空区でも伝手のある商人達に話を通して、出張店舗と言う形で無数の屋台を設置する。
若い女性達を中心に出店で扱う食品の管理から、子供達の好きそうな玩具のアイデア作り。
当日の警備体制や、お互いの一族同士の交流を含めた顔合わせまで。
やるべき事をやって、そうして。
急に決まった事にも関わらず、無事に一月後の満月の晩に祭りは開かれた。
*****
「こんばんは、柱間様」
「こんばんは。ビワコちゃん、久しぶりだね!」
一番最初に会場に足を踏み入れた私を出迎えてくれたのは、猿飛一族のビワコちゃんだった。

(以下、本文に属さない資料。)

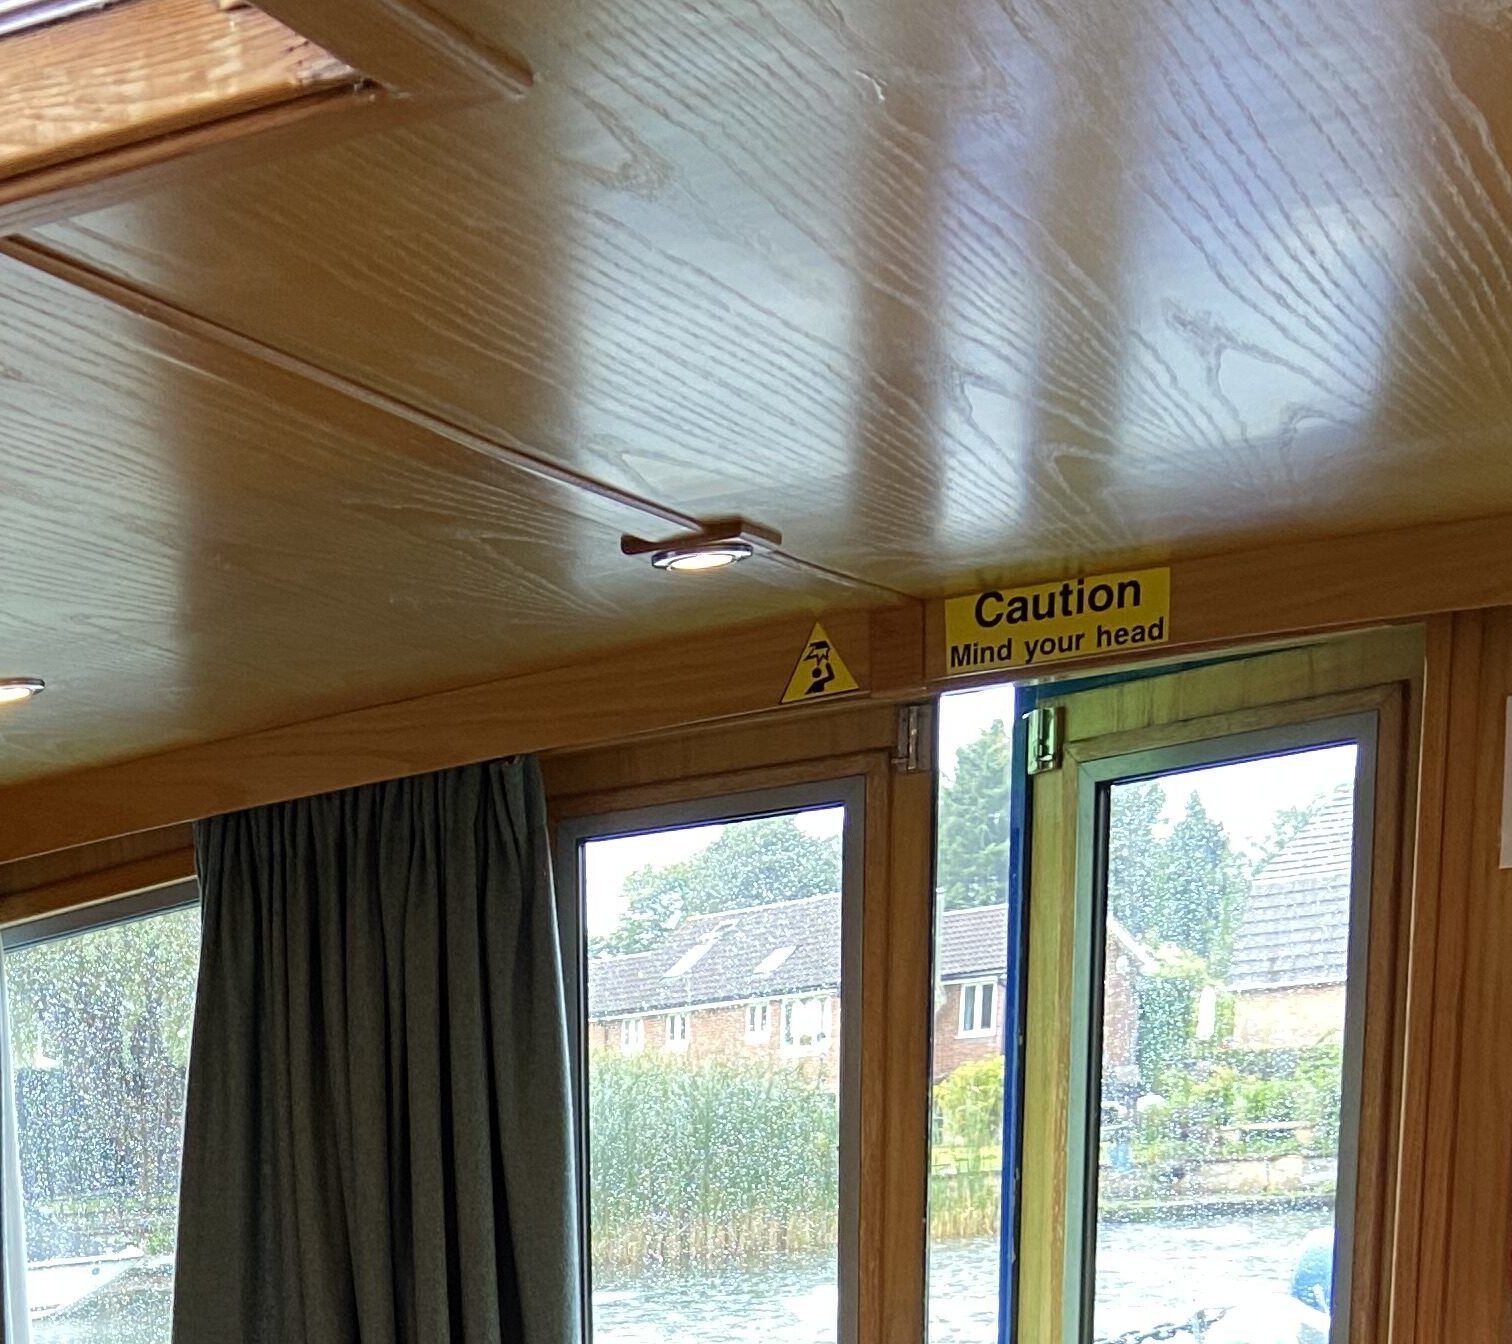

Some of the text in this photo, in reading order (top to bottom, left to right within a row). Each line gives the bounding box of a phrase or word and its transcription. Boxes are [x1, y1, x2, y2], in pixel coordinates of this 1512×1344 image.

[974, 578, 1142, 629] Caution
[950, 615, 1165, 669] Mind your head

会場のあちこちにいる子供達は各々一張羅を着込んで、女の子達はそれぞれおめかししている。
「あれ? ヒルゼン君は?」
「ヒルゼンなら志村のダンゾウと張り合って、もう祭りを回っています。全くもう、これだから男は……」
――ふ、と溜め息を吐くビワコちゃん。
凄いな。ヒルゼン君と同い年だと言うのに、全然大人びて見える。
女の子の方が成長が早いと言うが、その通りだったんだな。
感心していたら、背後から威勢のいい声がかけられた。
「よう、千手の大将! すげー賑わってんな。うちの餓鬼共も大喜びだぜ」
「我々の一族も同じだ。何故ならこの様な大規模な祭りは生まれて始めてだからだ」
「犬塚殿、油女殿!」
犬塚殿は足下に相棒の忍犬達を、油女殿は手にした籠の中に珍しい虫を。
あまりにも彼ららしくて、思わず笑った。
「すげーよな。これ、お前のアイデアなのか?」
「前々から祭りを開きたいと思って、計画書だけは提出済みだったからね。滞り無く進んだよ」
前世知識の中に残る、祭りの数々。
それらを元に暖めていた計画は、今晩ようやく日の目を見た事になる。
前世の、もう一人の私がよく楽しんでいた別世界の祭り。ありとあらゆる娯楽は、まず間違いなく訪れた子供達を虜にし、大人達も浮かれた空気に心を弾ませている。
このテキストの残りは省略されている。